It’s difficult to argue against the fact that heroin is an extremely destructive drug. It’s highly addictive, comes cheaper than most abused prescription drugs and has destroyed countless lives. It’s also deadly; in the Twin Cities alone, 120 people died in 2011 from heroin overdoses.
But the choice to use heroin or any other illegal drug is a personal one. We hear of very few accounts where people have been forced against their will to use heroin. Even in cases where one person encourages another, the user ultimately makes the choice to try it for the first or subsequent times.
Prosecutors in Hennepin County, however, see things differently. Spurred by the rising number of fatal heroin overdoses, they’re going after dealers, seeking third-degree murder charges against those who sell heroin to people who die after using it.
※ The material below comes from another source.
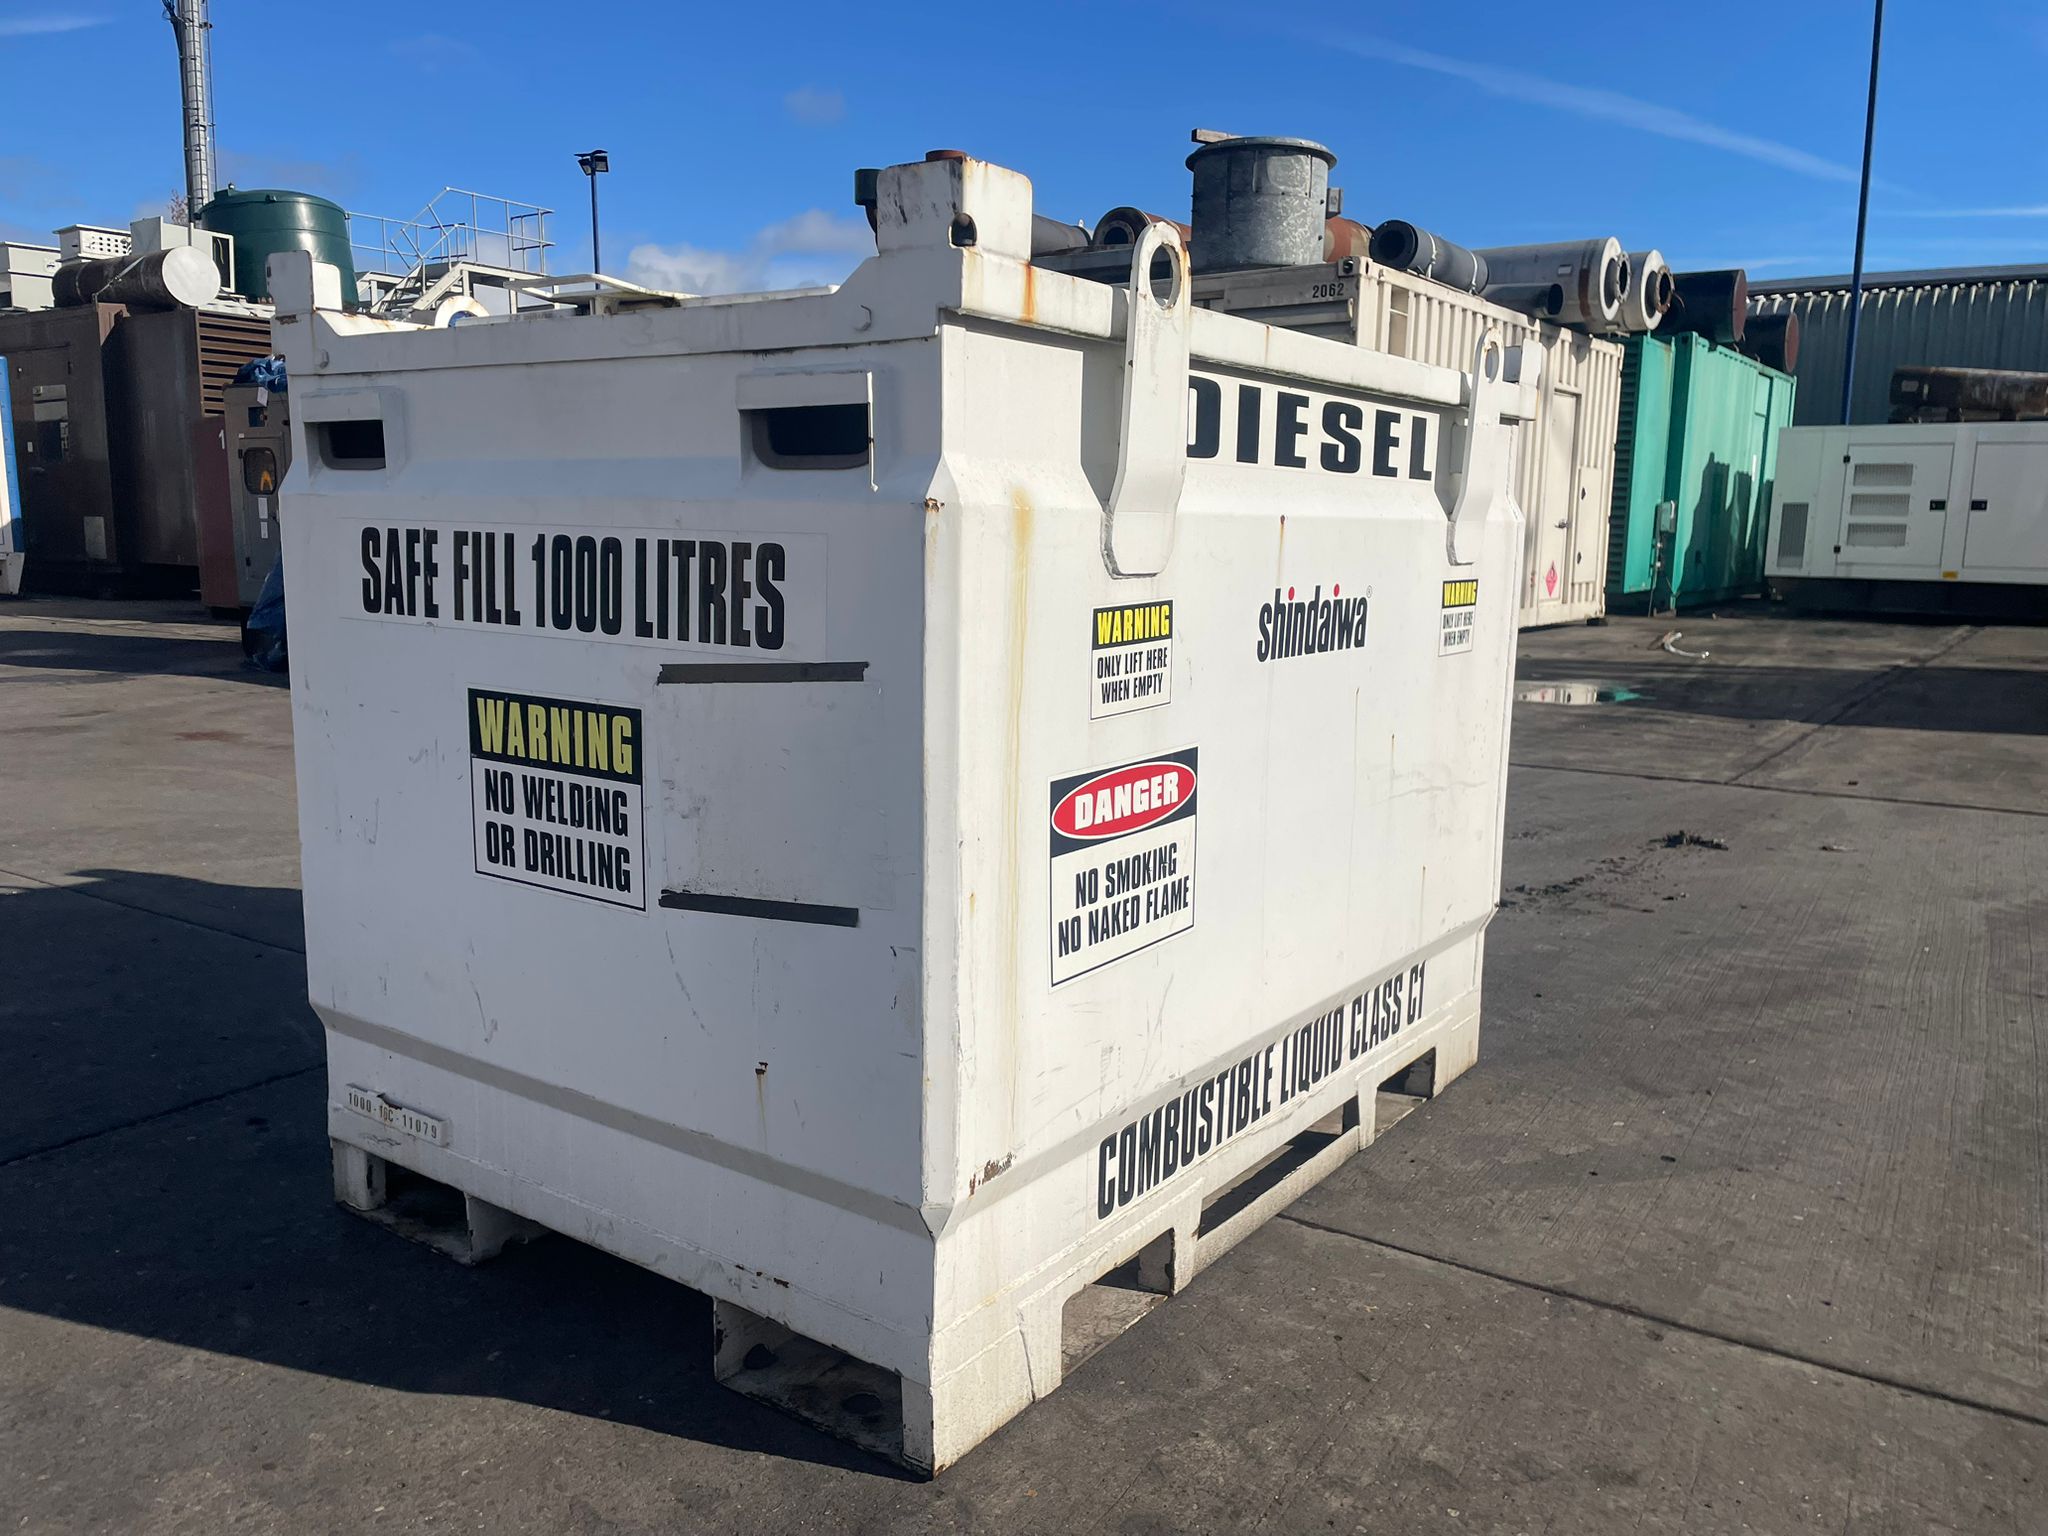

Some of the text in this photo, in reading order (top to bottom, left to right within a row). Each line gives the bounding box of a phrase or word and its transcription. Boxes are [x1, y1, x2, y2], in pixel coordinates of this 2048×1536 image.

Thanks to a 1987 state law expansion, deaths caused by heroin and other Schedule I and Schedule II drugs may be prosecuted with a third-degree murder charge — the equivalent of unintentional homicide under Minnesota law. People convicted of selling these drugs to someone who fatally overdoses may be sentenced to up to 25 years in prison.
Third-degree murder charges under these circumstances can be very difficult to prove, however, because prosecutors must establish a direct connection between the dealer and the user who dies of the drug. It must be proved that the drugs that killed the user came directly from a defendant, usually either through an admission or surveillance of the drug deal itself. Six people have been charged with third-degree murder drug cases in the past year and a half, and only one of those cases has ended in a conviction.
But that doesn’t mean prosecutors in Hennepin County and other areas of the state won’t keep diligently trying to put overdose deaths on the shoulders of dealers. Although it’s the user who makes the choice to take a risk on heroin, people suspected of providing the drug for a price can expect to be charged and possibly punished heavily for that deadly decision.